## What to work on
Quote the records in full and leave their pictures out.

## Data to process
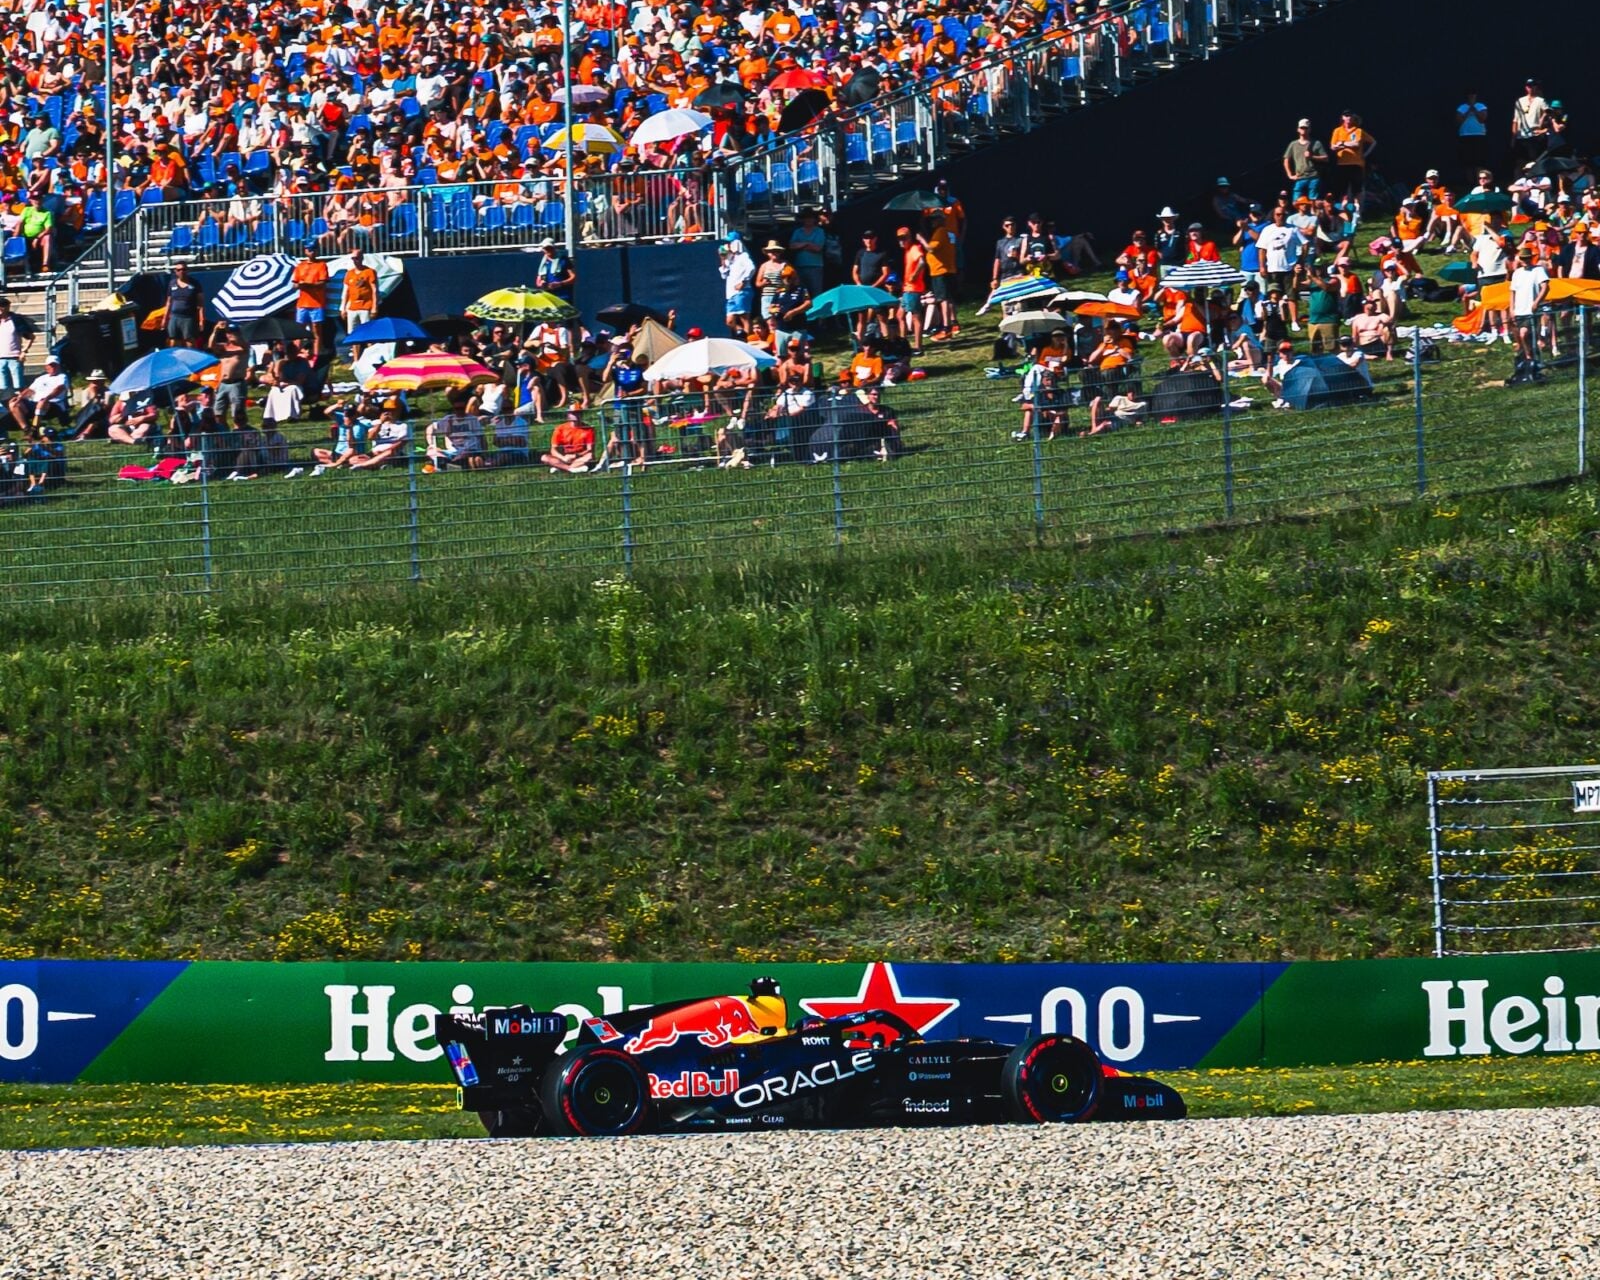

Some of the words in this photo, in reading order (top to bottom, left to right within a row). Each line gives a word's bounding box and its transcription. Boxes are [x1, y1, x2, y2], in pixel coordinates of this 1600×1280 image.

[494, 1018, 541, 1035] Mobil
[802, 1037, 830, 1045] ROKT
[908, 1056, 951, 1064] CARLYLE
[648, 1071, 690, 1099] Red
[692, 1069, 740, 1097] Bull
[734, 1051, 876, 1108] ORACLE
[902, 1097, 950, 1113] indeed
[1123, 1094, 1163, 1108] Mobil

## Answer to this problem
Some of the words in this photo, in reading order (top to bottom, left to right within a row). Each line gives a word's bounding box and its transcription. Boxes are [x1, y1, x2, y2], in pixel coordinates of this 1600×1280 image.

[494, 1018, 541, 1035] Mobil
[802, 1037, 830, 1045] ROKT
[908, 1056, 951, 1064] CARLYLE
[648, 1071, 690, 1099] Red
[692, 1069, 740, 1097] Bull
[734, 1051, 876, 1108] ORACLE
[902, 1097, 950, 1113] indeed
[1123, 1094, 1163, 1108] Mobil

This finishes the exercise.